DATASET RECORDS Start Marker

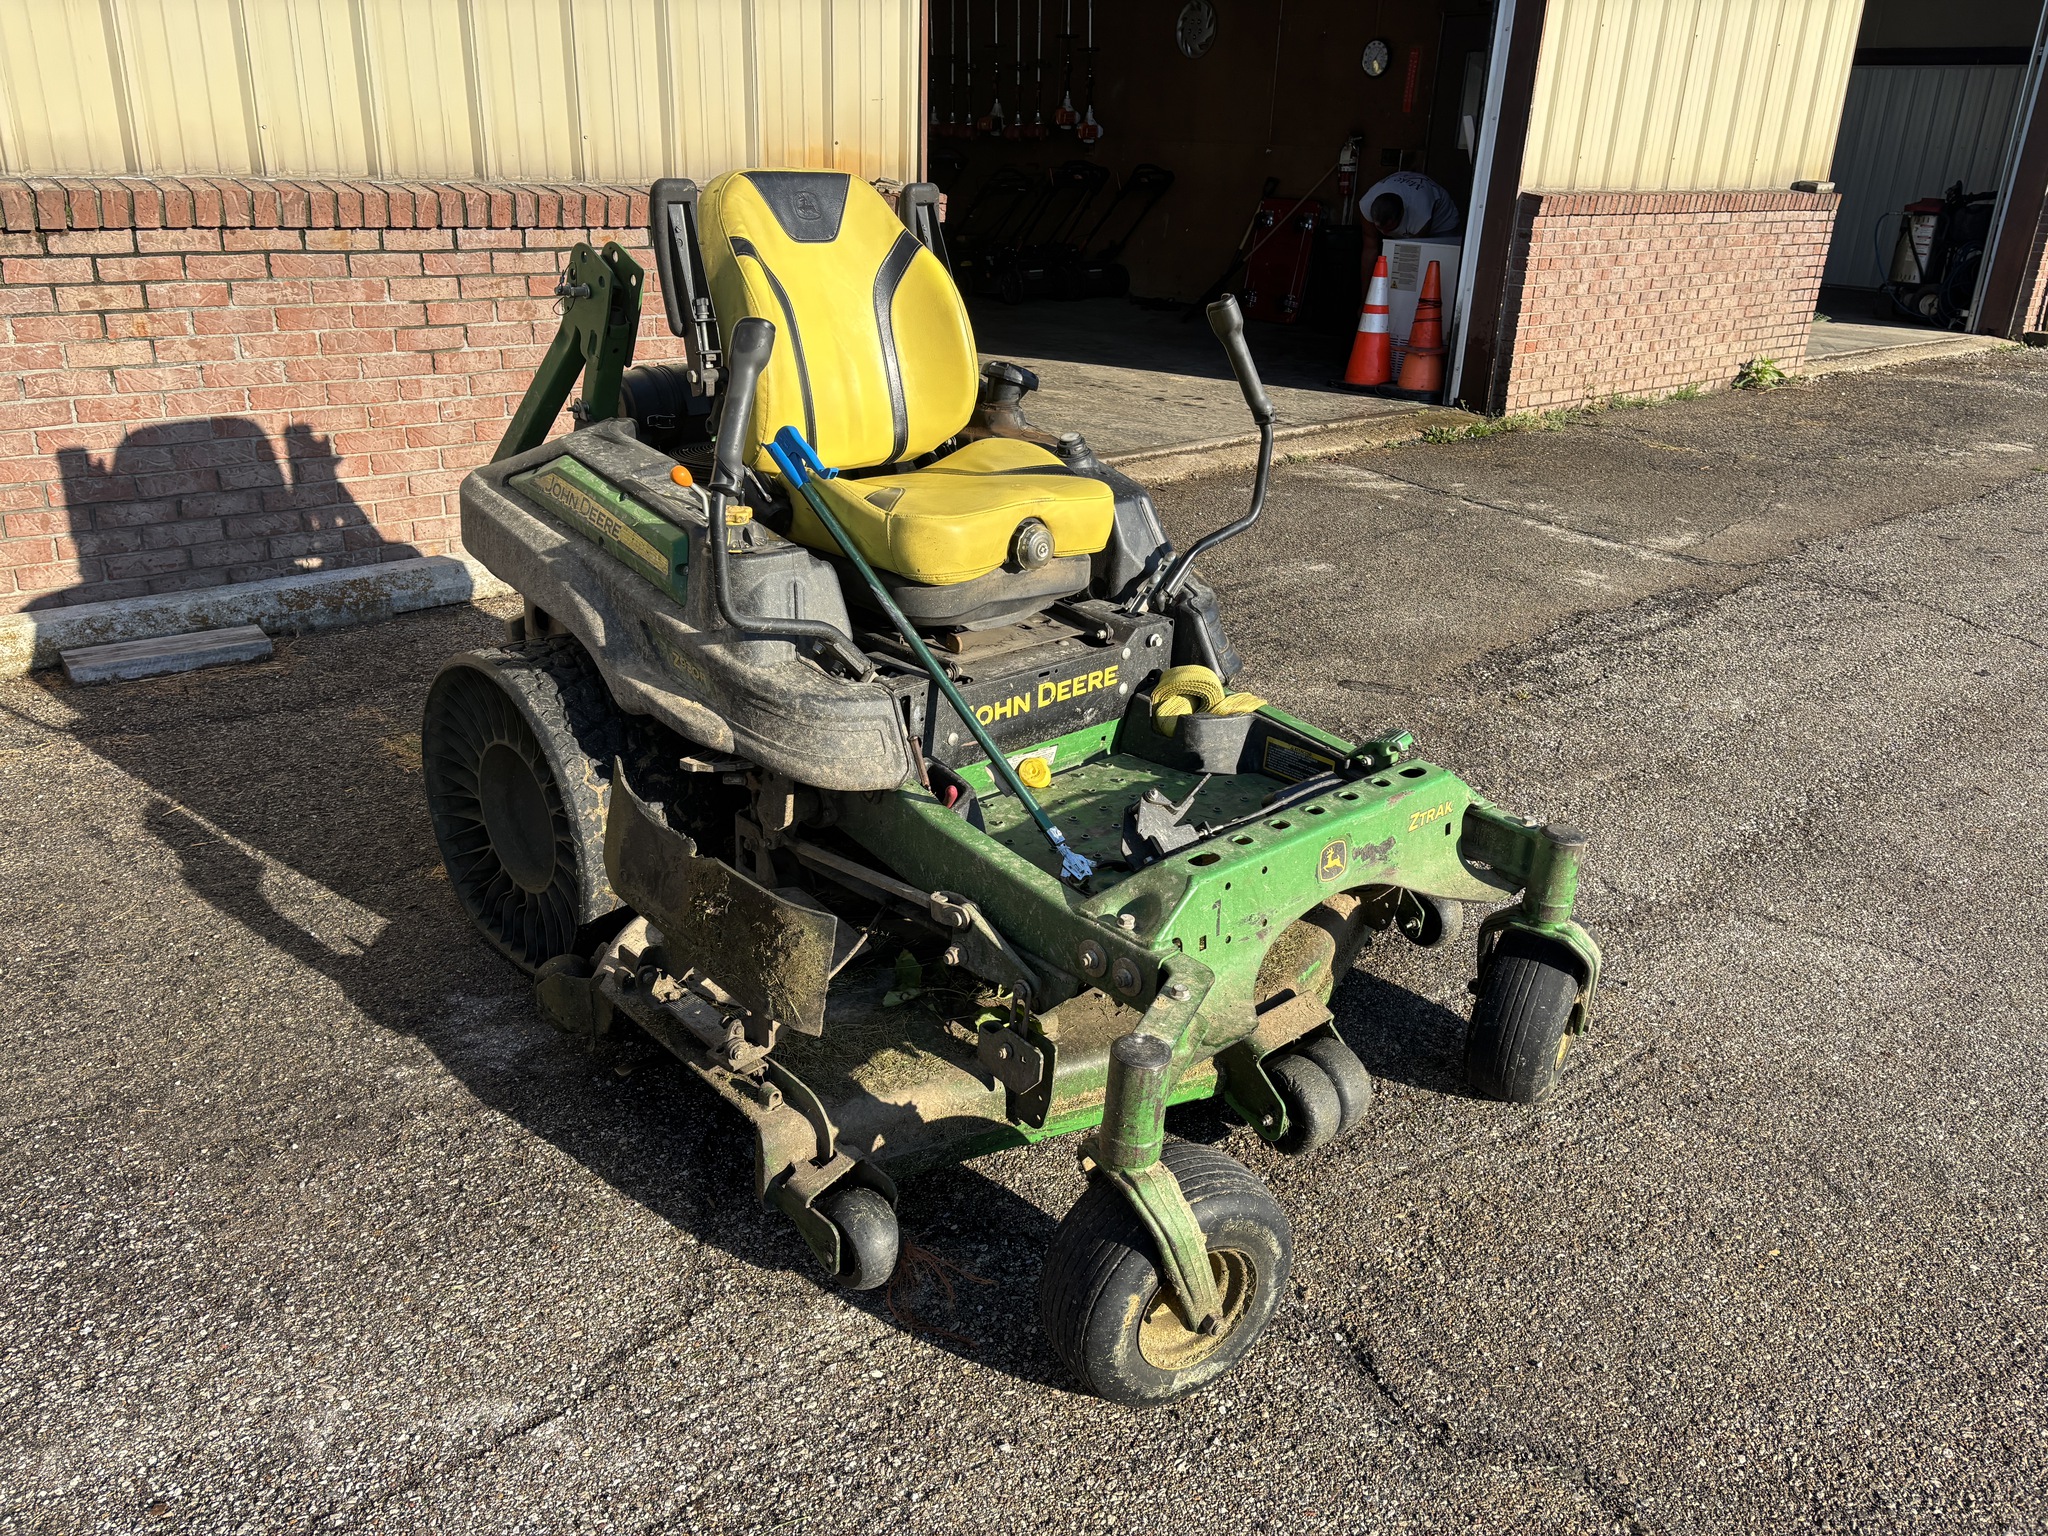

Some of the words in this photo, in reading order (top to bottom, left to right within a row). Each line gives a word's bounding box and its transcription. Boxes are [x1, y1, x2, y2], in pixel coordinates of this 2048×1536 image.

[544, 477, 580, 510] JOHN
[579, 496, 622, 539] DEERE
[968, 691, 1031, 727] OHN
[1037, 664, 1119, 709] DEERE
[1407, 801, 1454, 833] ZTRAK

DATASET RECORDS End Marker

▶ WORK ORDER
Return each line above exactly; any pictures are to be skipped.

▶ TASK SOLUTION
Some of the words in this photo, in reading order (top to bottom, left to right within a row). Each line gives a word's bounding box and its transcription. Boxes are [x1, y1, x2, y2], in pixel coordinates of this 2048×1536 image.

[544, 477, 580, 510] JOHN
[579, 496, 622, 539] DEERE
[968, 691, 1031, 727] OHN
[1037, 664, 1119, 709] DEERE
[1407, 801, 1454, 833] ZTRAK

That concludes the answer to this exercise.